Qatar seeks new markets amid Gulf crisis

Qatar seeks new markets amid Gulf crisis, tours West Africa
2 min read
21 December, 2017
Senegal was the first stop for the Qatari Emir in his West Africa tour as Doha looks for new markets following the economic boycott imposed by Saudi Arabia and allies
The visit is part of Doha's drive to diversify its economy [Getty]

The Emir of Qatar started his six-nation tour of West Africa with Senegal on Wednesday as Doha seeks out new markets following the economic boycott imposed by its Gulf allies.

Sheikh Tamim bin Hamad Al-Thani's is expected to visit Burkina Faso, Ivory Coast, Ghana, Guinea, Mali and Senegal, according to foreign ministry spokeswoman Lulwa al-Khater.

The visit is part of Doha's drive to open up new markets and diversify its economy amid an ongoing blockade by its neighbours, Khater said.

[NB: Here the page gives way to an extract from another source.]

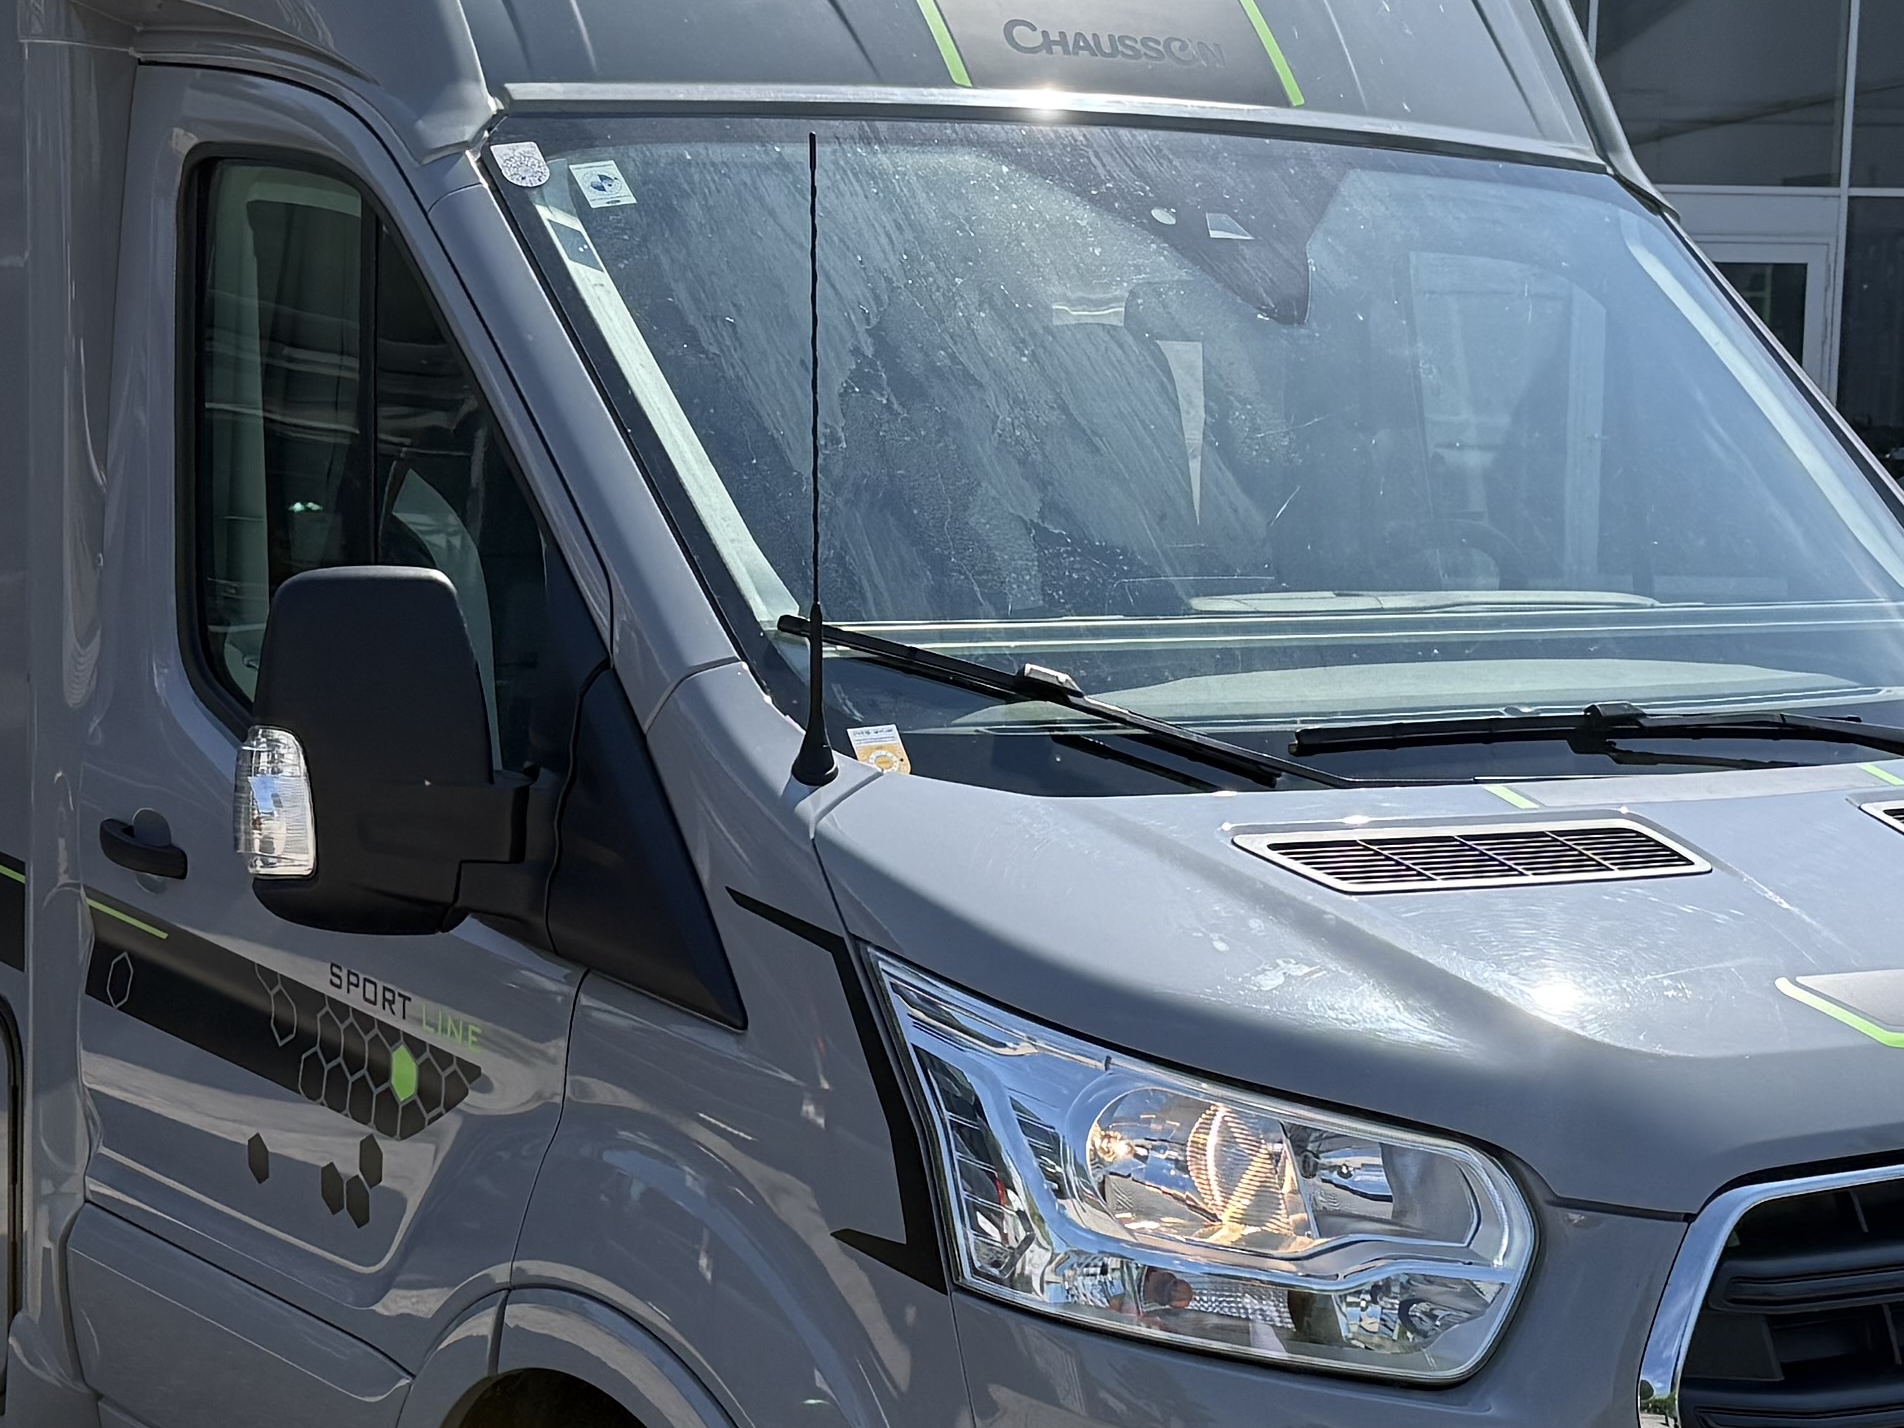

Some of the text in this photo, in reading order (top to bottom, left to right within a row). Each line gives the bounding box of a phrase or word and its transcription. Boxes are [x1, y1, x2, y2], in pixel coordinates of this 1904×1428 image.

[1003, 18, 1226, 69] CHAUSSON
[329, 962, 482, 1053] SPORT LINE

The emir landed in Senegal on Wednesday evening, while the Guinean presidency said in a statement he would arrive in Conakry on Thursday.

Karim Wade, the son of former Senegalese president Abdoulaye Wade, lives in exile in Doha as part of a deal brokered with the emir to free the former minister from a prison sentence handed down for corruption.

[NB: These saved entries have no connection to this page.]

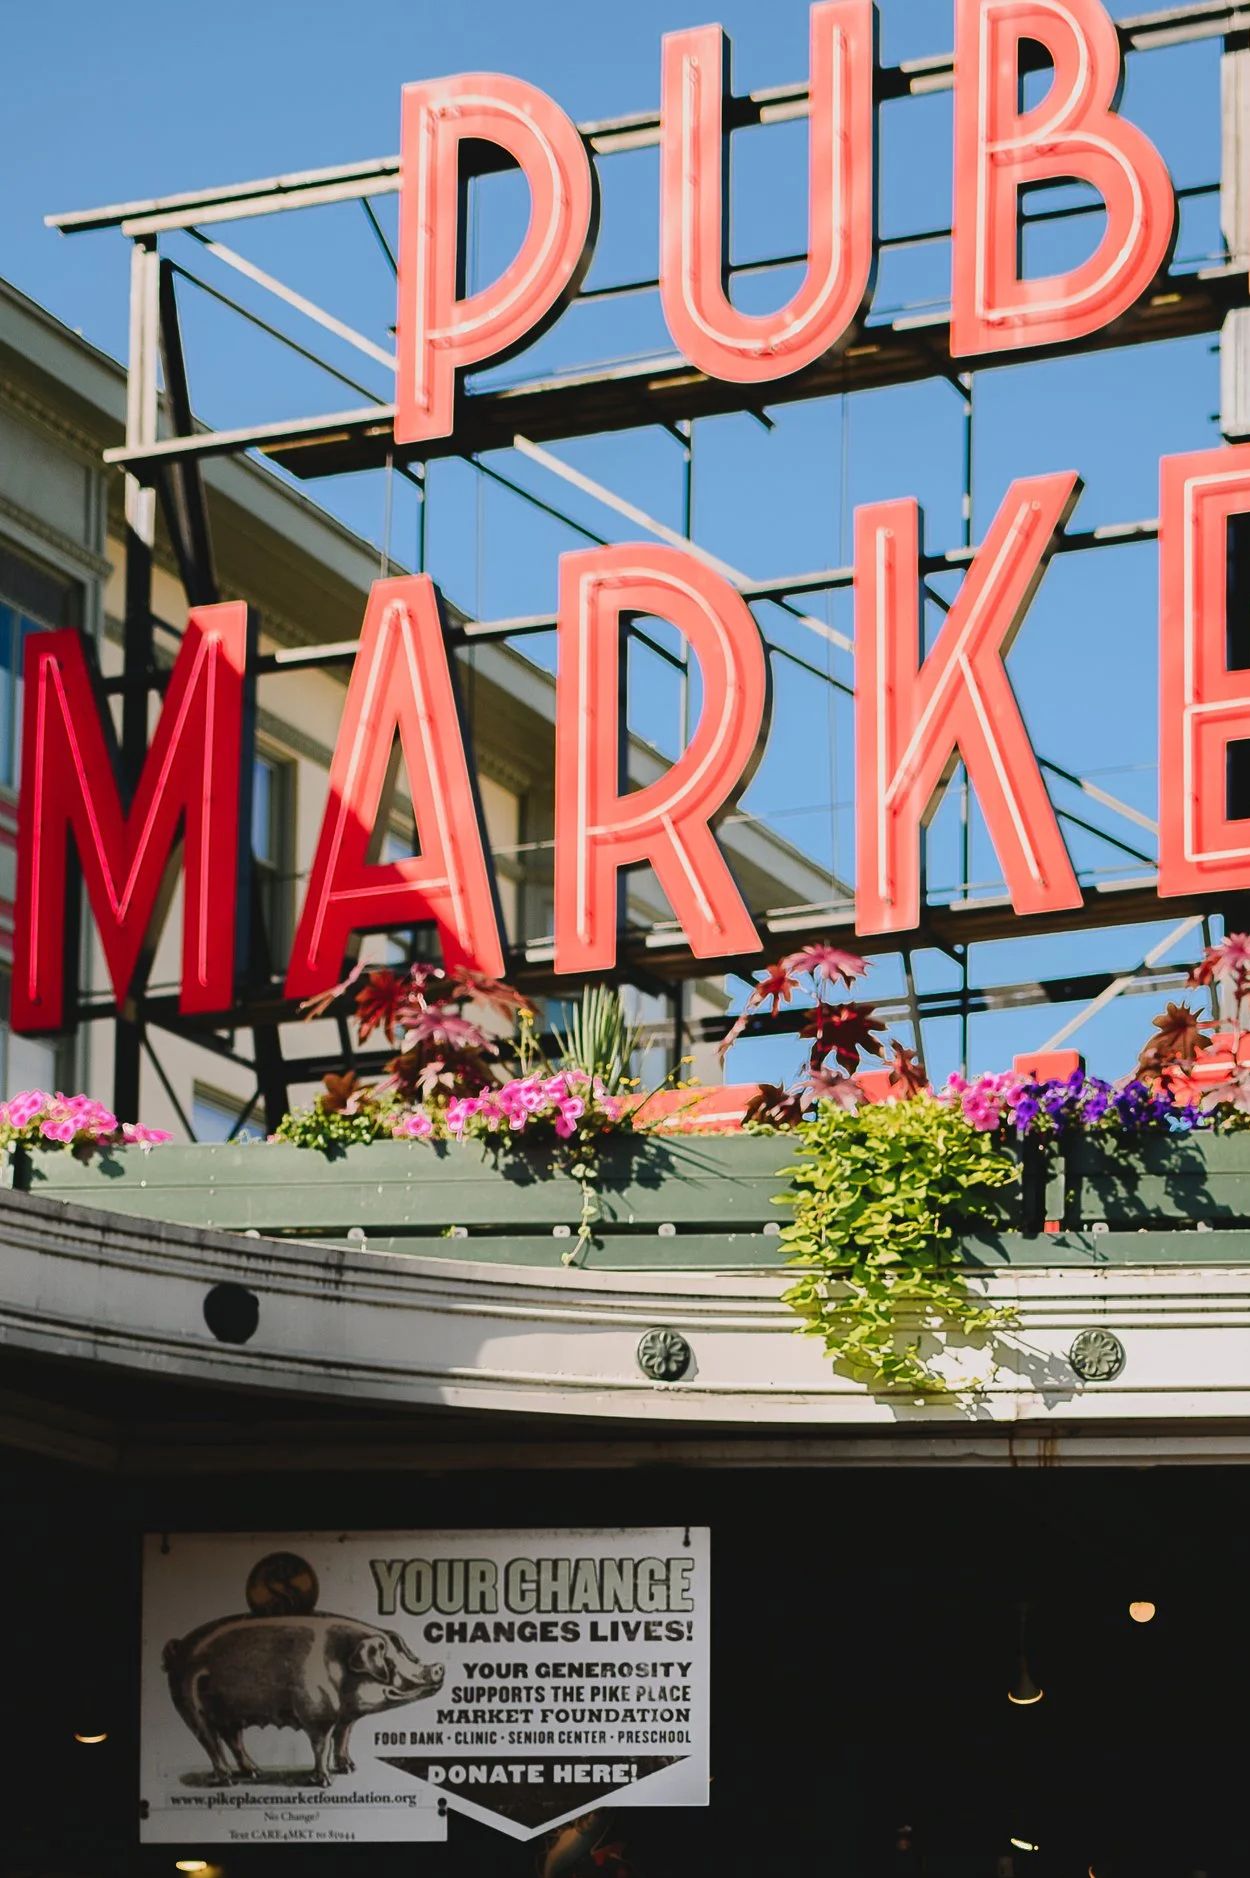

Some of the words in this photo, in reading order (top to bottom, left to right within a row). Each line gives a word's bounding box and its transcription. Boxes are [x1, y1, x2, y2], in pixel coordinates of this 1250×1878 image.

[370, 1557, 498, 1615] YOUR
[505, 1557, 694, 1615] CHANGE
[423, 1620, 580, 1643] CHANGES
[589, 1620, 693, 1642] LIVES!
[462, 1662, 529, 1679] YOUR
[534, 1661, 692, 1678] GENEROSITY
[451, 1686, 546, 1704] SUPPORTS
[550, 1686, 585, 1703] THE
[591, 1685, 630, 1702] PIKE
[635, 1685, 692, 1702] PLACE
[436, 1708, 535, 1725] MARKET
[540, 1707, 691, 1724] FOUNDATION
[374, 1731, 406, 1746] FOOD
[410, 1731, 443, 1745] BANK
[455, 1731, 497, 1745] CLINIC
[508, 1731, 555, 1745] SENIOR
[558, 1730, 607, 1744] CENTER
[618, 1730, 692, 1744] PRESCHOOL
[428, 1764, 544, 1784] DONATE
[553, 1764, 638, 1783] HERE!
[170, 1791, 417, 1809] www.pikeplacemarketfoundation.org

A source close to the Malian presidency told AFP that President Ibrahim Boubacar Keita was also expecting Al-Thani on Thursday.

Khater said the six countries on the emir's itinerary had "strong economic potential and opportunities despite some security challenges in some of them".

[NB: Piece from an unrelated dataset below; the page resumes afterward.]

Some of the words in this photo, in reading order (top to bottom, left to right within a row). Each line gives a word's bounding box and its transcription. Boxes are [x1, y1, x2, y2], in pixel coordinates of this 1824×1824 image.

The emir is to sign cooperation agreements in health, education, mining, energy and food security.

Khater said Qatar will also be providing $13.8 million to fund a cancer hospital in Burkina Faso.

Qatar has sought to establish new global trade links in an attempt to alleviate its regional isolation by powerful Saudi Arabia with which it shares its only land border.

Since 5 June, Saudi Arabia, the UAE, Bahrain and Egypt have diplomatically isolated Qatar, accusing the emirate of supporting Islamist extremists and of being too close to Iran, Riyadh's arch-rival.

The four countries also cut off all air and sea links to Qatar.

Doha denies the allegations and instead accused the Saudi-led bloc of aiming to incite regime change in Doha.

Qataris told The New Arab that the Saudi-led blockade has made the country stronger and more united as ever.